Comme Liéna était accompagnée de son fils Génia, qui a d'ailleurs été très sage, nous sommes allées au Destki Mir pour lui acheter des petites voitures, et manger dans un café des trucs qui font grossir. Il y avait là une église du XVII° siècle ravissante, écrabouillée par le voisinage du centre commercial. Elle était sobre, et je l'aurais crue plus ancienne. Pas de traces d'influence baroque occidentale dégoulinante.

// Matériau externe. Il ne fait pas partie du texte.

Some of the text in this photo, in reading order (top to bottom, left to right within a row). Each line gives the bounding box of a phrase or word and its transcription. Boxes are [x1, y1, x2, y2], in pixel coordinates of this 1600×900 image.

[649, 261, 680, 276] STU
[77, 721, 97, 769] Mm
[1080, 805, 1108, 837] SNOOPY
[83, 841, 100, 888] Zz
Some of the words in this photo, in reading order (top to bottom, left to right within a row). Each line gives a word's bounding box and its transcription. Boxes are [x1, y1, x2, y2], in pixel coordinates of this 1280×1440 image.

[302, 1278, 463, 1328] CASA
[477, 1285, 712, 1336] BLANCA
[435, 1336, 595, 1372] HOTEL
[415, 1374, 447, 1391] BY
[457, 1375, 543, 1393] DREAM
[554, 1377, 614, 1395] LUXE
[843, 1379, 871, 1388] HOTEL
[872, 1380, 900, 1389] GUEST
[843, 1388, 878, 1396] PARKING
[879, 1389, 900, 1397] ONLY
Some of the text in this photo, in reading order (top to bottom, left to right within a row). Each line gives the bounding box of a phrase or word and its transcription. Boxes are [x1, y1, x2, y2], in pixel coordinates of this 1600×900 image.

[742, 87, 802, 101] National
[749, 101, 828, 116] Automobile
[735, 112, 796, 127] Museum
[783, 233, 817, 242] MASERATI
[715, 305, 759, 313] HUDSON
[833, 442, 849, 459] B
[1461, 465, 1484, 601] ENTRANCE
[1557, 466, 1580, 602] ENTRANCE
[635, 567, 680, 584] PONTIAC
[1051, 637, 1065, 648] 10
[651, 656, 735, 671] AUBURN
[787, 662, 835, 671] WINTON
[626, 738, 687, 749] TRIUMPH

Après cela, nous avons vu une exposition dans une jolie maison du début du XX° siècle, c'est le musée d'art contemporain de la ville. J'ai demandé et oublié le nom de l'artiste, il est connu, mais je l'ai oublié. C'est un type de la génération d'après guerre, comme moi, élevé en URSS. Il a du talent, ce qu'il fait est puissant, rien à dire, mais je suis hérmétique à son inspiration. Le jeune homme qui me faisait visiter m'expliquait toutes ses intentions et ses symboles, mais justement, c'était cela qui m'emmerdait, trop d'intentions. J'aime l'art qui n'a pas d'intentions et laisse arriver par là le plus intéressant, c'est-à-dire le non intentionnel, l'irrationnel, le sacré.

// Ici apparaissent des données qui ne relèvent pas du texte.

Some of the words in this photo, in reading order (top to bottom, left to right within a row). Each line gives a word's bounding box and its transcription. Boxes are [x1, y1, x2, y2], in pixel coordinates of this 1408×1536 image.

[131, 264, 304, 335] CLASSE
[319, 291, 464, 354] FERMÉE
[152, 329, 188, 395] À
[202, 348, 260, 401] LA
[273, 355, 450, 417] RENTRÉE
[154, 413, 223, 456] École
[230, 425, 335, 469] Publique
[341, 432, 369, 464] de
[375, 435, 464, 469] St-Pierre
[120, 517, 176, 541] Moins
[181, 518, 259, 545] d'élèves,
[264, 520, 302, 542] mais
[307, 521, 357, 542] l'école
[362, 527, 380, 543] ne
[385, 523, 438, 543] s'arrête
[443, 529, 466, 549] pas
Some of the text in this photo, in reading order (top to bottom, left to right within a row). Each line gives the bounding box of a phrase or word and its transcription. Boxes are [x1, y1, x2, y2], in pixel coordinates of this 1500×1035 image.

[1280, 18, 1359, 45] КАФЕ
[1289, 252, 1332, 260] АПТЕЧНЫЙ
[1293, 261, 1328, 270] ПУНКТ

Toutes ses femmes sont des amazones, des guerrières, la femme russe qui assume tout, qui soutient tout le pays, et j'en ai ras le bol des guerrières, j'aimerais voir plus de guerriers.
Evidemment, c'est aussi un néopaïen, et si je suis assez proche du paganisme, je trouve la démarche du néopaganisme artificielle, j'inclus très bien mon paganisme dans le christianisme, comme le christianisme l'a fait d'ailleurs dans son ensemble, comme mon enfance dans l'âge adulte, et le néopaganisme antichristique de ce produit du soviétisme me casse les pieds.

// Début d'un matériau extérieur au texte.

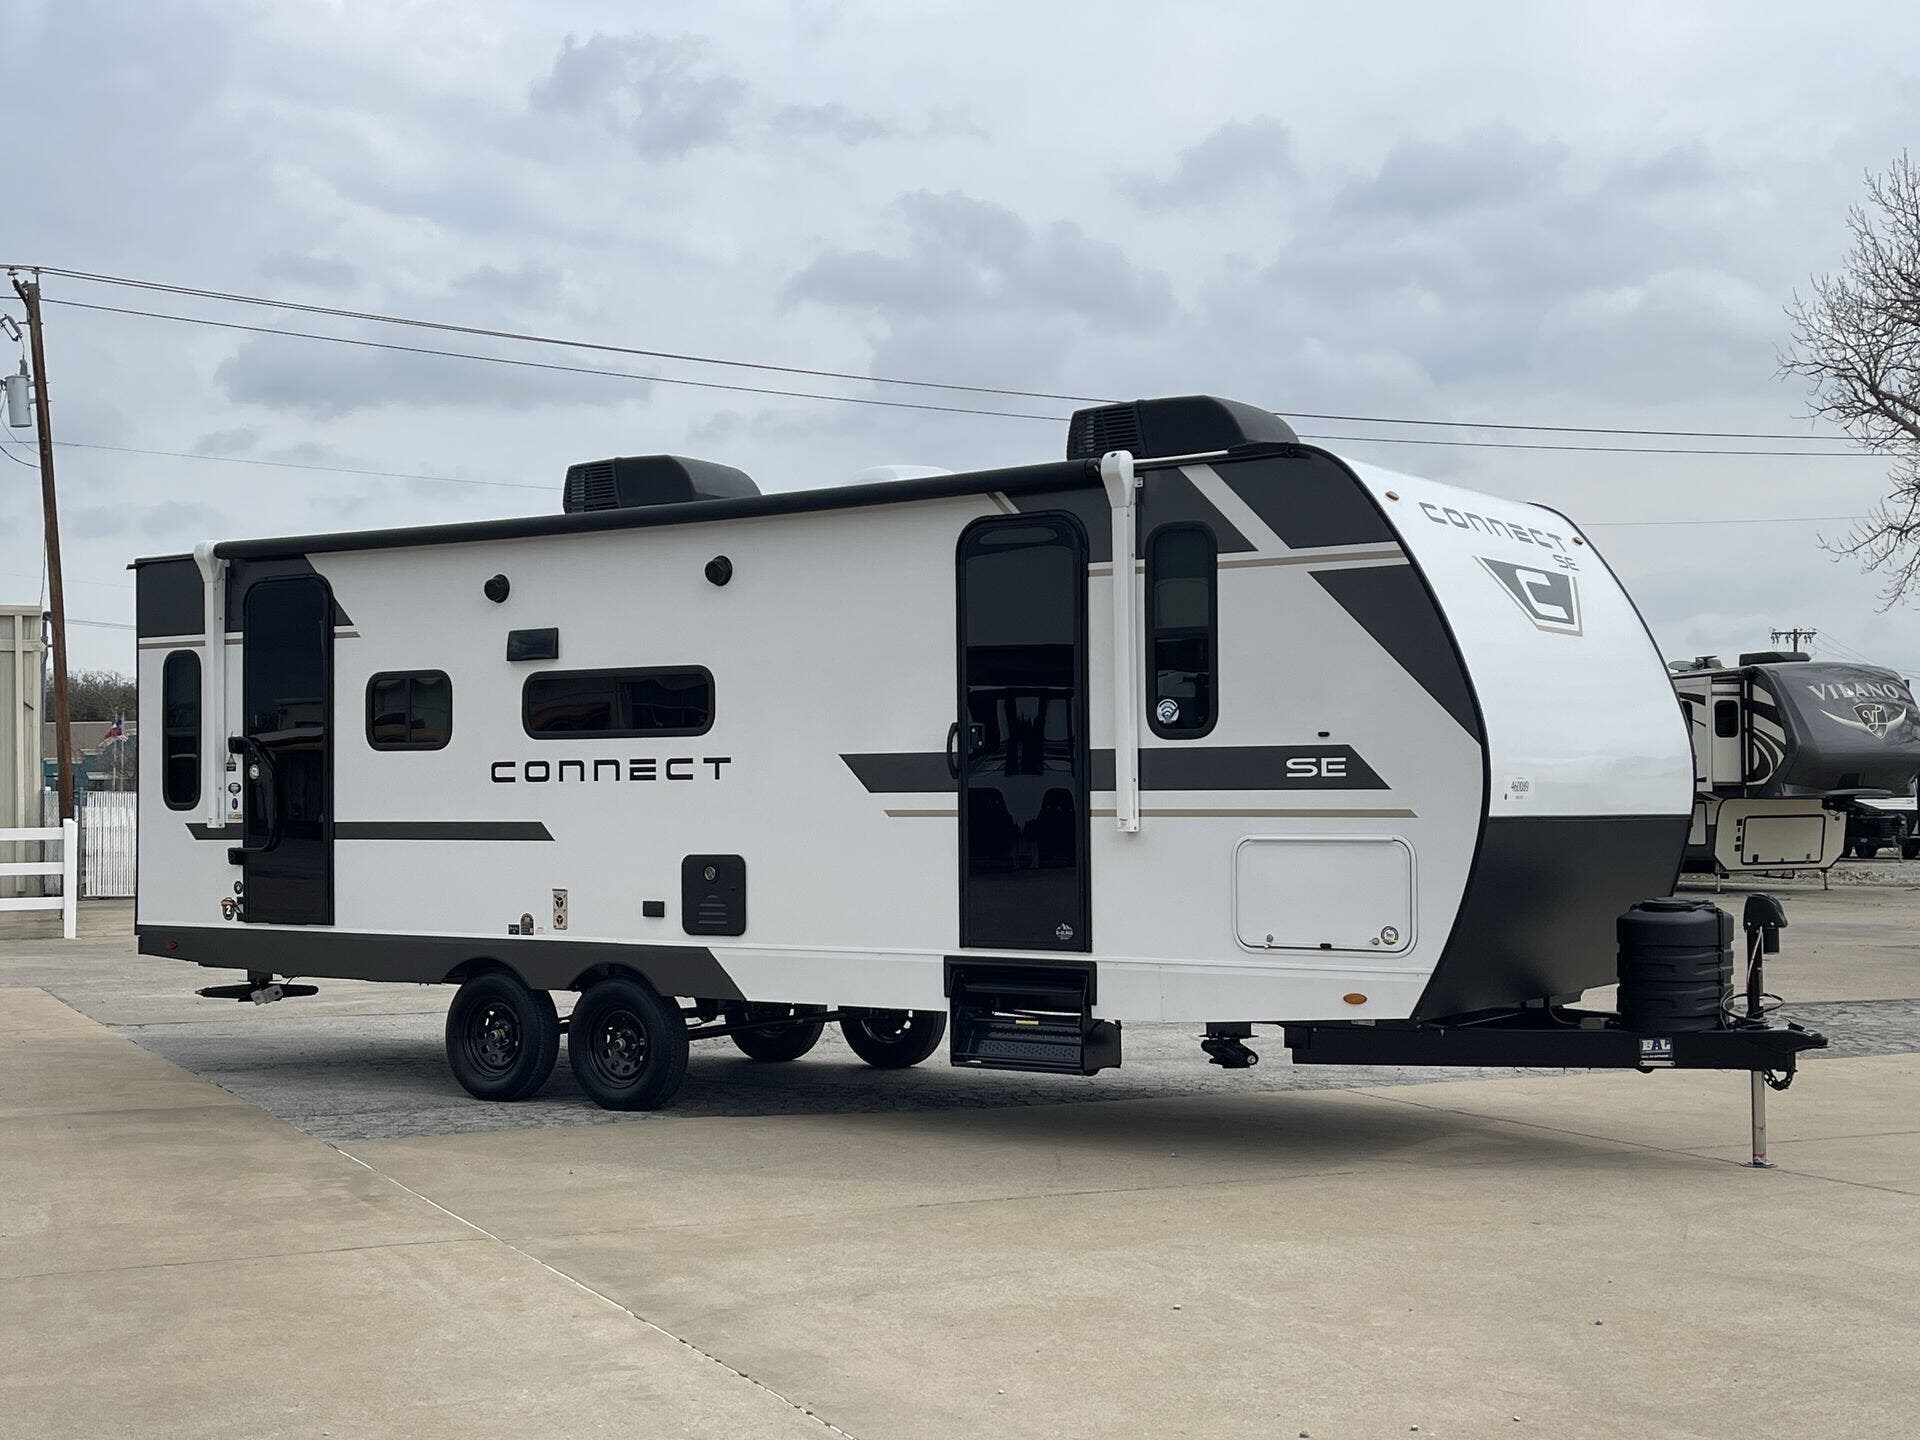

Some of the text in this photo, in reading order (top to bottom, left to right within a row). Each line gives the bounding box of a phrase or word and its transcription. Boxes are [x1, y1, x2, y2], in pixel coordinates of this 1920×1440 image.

Enfin, clou de l'exposition, une sculpture représentant un poivrot, sa mégère qui fume, leur dégénéré de fils qui attend de leur ressembler. Les parents ont des jambes déformées, le gosse a carrément des pieds de chèvre, et il y a un pneu qui symbolise le cercle vicieux de la famille russe destinée à reproduire indéfiniment son vice intrinsèque. Très bien sculpté, mais ras le bol.
Le petit jeune homme était sympathique et touchant, il adore la France, les Français, comme d'habitude, et je me suis fait encore un copain, bien qu'Edouard et moi ayons de plus grandes affinités par Ivan le Redoutable interposé.
A mon retour, je me suis rendu compte que mon imprimante déconnait complètement et que je n'arriverais pas à sortir le matériel dont j'avais besoin pour mes séances de demain, le français créatif! La vielle est inaccordable, l'imprimante inflexible et tout à coup je me dis que tant d'obstacles ne peuvent signifier qu'une chose: не судьба. Ce n'est pas mon destin. Je sens derrière moi la présence narquoise (bien qu'attendrie tout de même) du tsar Ivan et de son favori Fédia: "tu ne croyais tout de même pas que nous allions te laisser te livrer à des billevesées, alors que nous attendions depuis trente ans que tu reviennes t'occuper de nous?"
Ces deux emmerdeurs me fichent tout en l'air. Ce n'est pas nouveau. Mais je les aime...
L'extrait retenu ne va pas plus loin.